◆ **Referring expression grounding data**
⟨
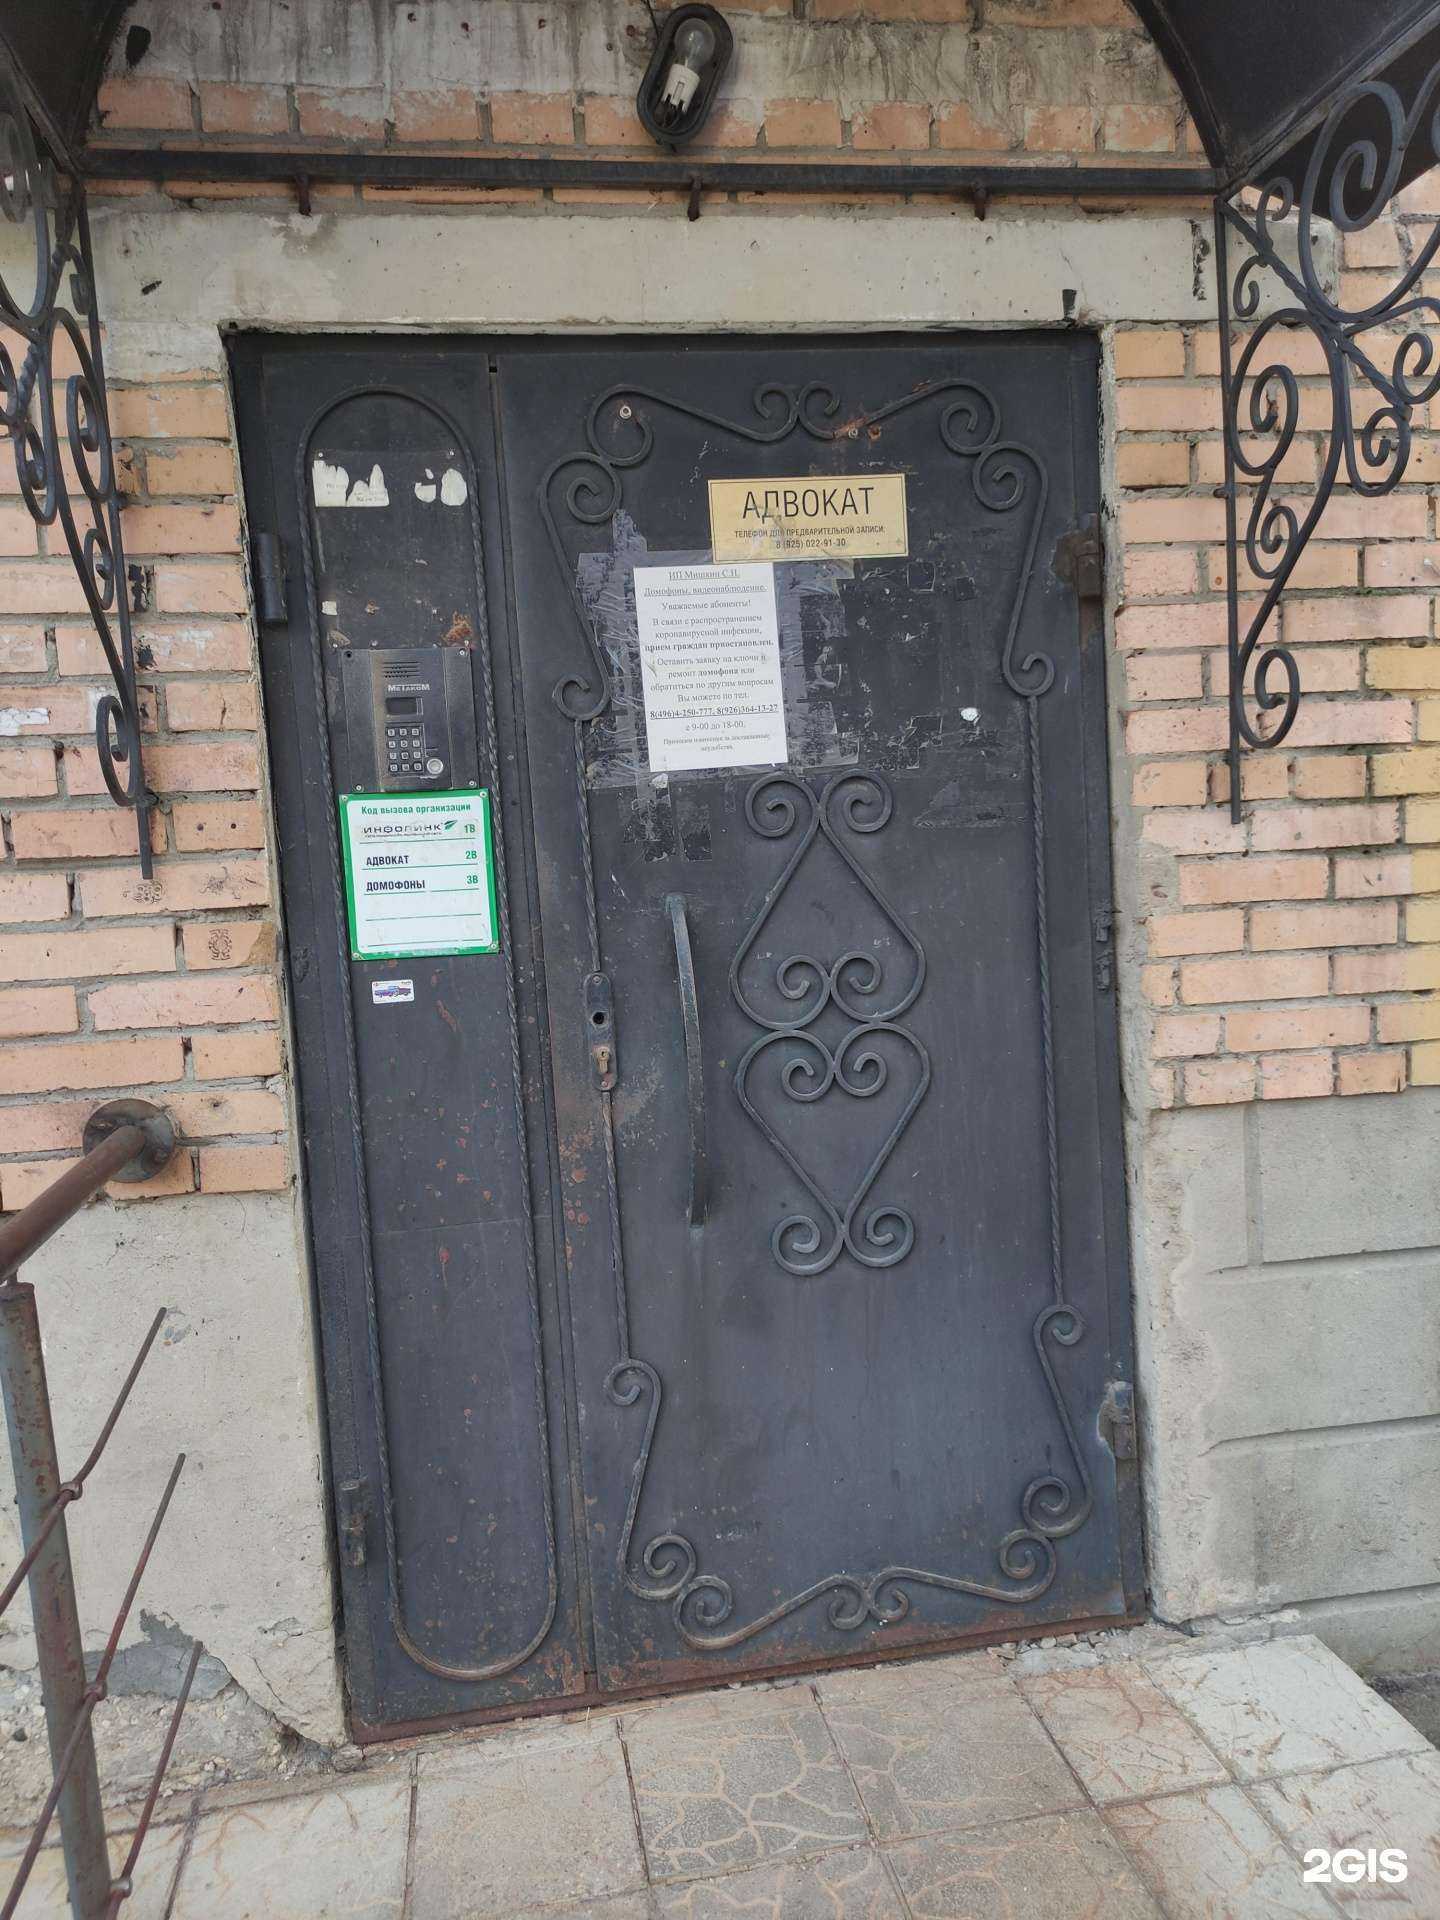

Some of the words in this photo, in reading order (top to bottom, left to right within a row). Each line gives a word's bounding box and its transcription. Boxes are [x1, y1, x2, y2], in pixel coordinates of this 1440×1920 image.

[742, 487, 875, 524] АДВОКАТ
[735, 530, 768, 538] ТЕЛЕФОН
[786, 527, 855, 537] ПРЕДВАРИТЕЛЬНОЙ
[783, 540, 804, 549] (925)
[805, 538, 846, 547] 022-91-30
[669, 571, 682, 580] ИП
[662, 602, 709, 610] Уважаемые
[710, 600, 751, 609] абоненты!
[652, 618, 659, 626] В
[691, 616, 762, 626] распространением
[655, 630, 719, 641] коронавирусной
[721, 627, 762, 636] инфекции,
[645, 643, 671, 653] прием
[673, 642, 708, 652] граждан
[710, 639, 774, 650] приостановлен.
[657, 657, 694, 665] Оставить
[696, 656, 720, 666] заявку
[668, 671, 696, 679] ремонт
[698, 668, 738, 677] домофона
[650, 682, 694, 692] обратиться
[708, 680, 736, 690] другим
[737, 678, 774, 687] вопросам
[716, 704, 778, 715] 8(926)364-13-27
[692, 722, 709, 730] 9-00
[361, 806, 378, 815] Код
[380, 806, 413, 814] вызова
[416, 803, 471, 815] организации
[366, 855, 410, 867] АДВОКАТ
[366, 880, 426, 892] ДОМОФОНЫ
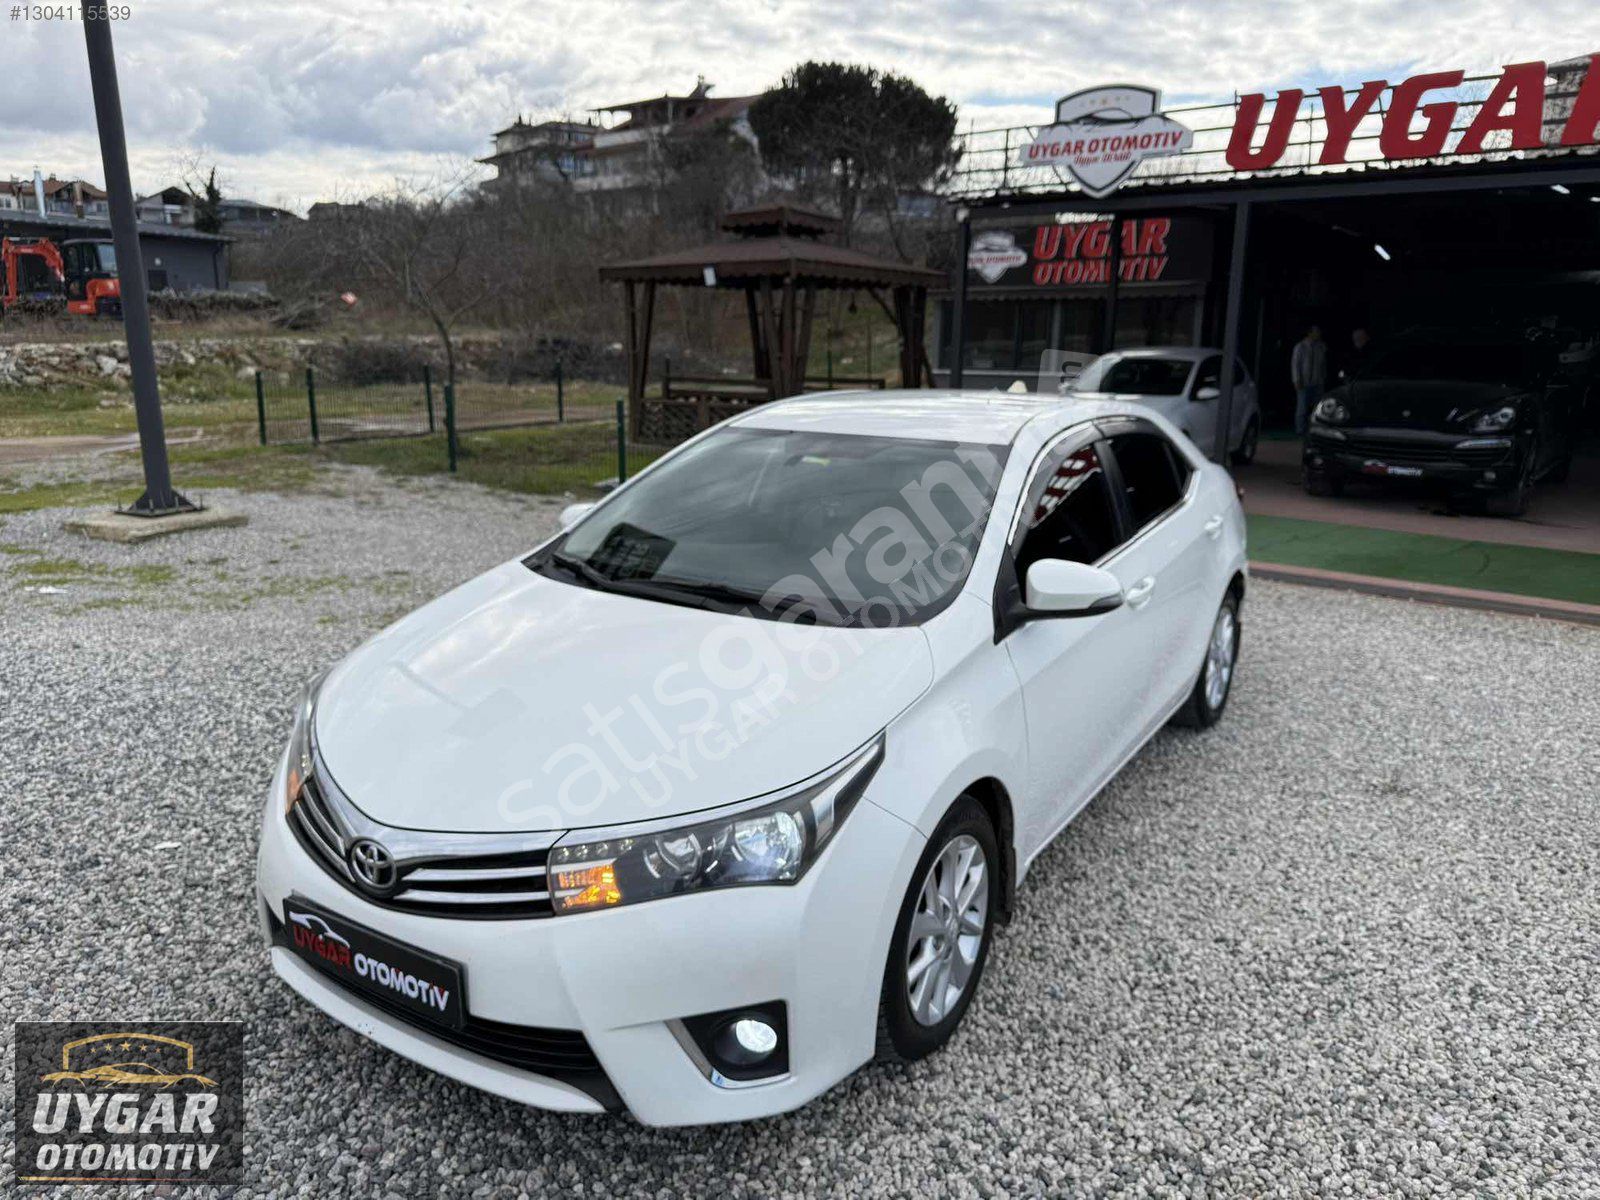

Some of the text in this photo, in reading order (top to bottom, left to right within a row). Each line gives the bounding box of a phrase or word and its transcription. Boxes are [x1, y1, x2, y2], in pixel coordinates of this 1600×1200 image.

[1028, 131, 1183, 159] UYGAR OTOMOTIV
[1033, 217, 1171, 260] UYGAR
[1032, 255, 1169, 285] OTOMTIV
[293, 925, 352, 970] UYGAR
⟩
◆ **The problem**
Transcribe exactly, please, the lines from the one with "Some of the text" to the last line of the entries above, ends included.

◆ **Task answer**
Some of the text in this photo, in reading order (top to bottom, left to right within a row). Each line gives the bounding box of a phrase or word and its transcription. Boxes are [x1, y1, x2, y2], in pixel coordinates of this 1600×1200 image.

[1028, 131, 1183, 159] UYGAR OTOMOTIV
[1033, 217, 1171, 260] UYGAR
[1032, 255, 1169, 285] OTOMTIV
[293, 925, 352, 970] UYGAR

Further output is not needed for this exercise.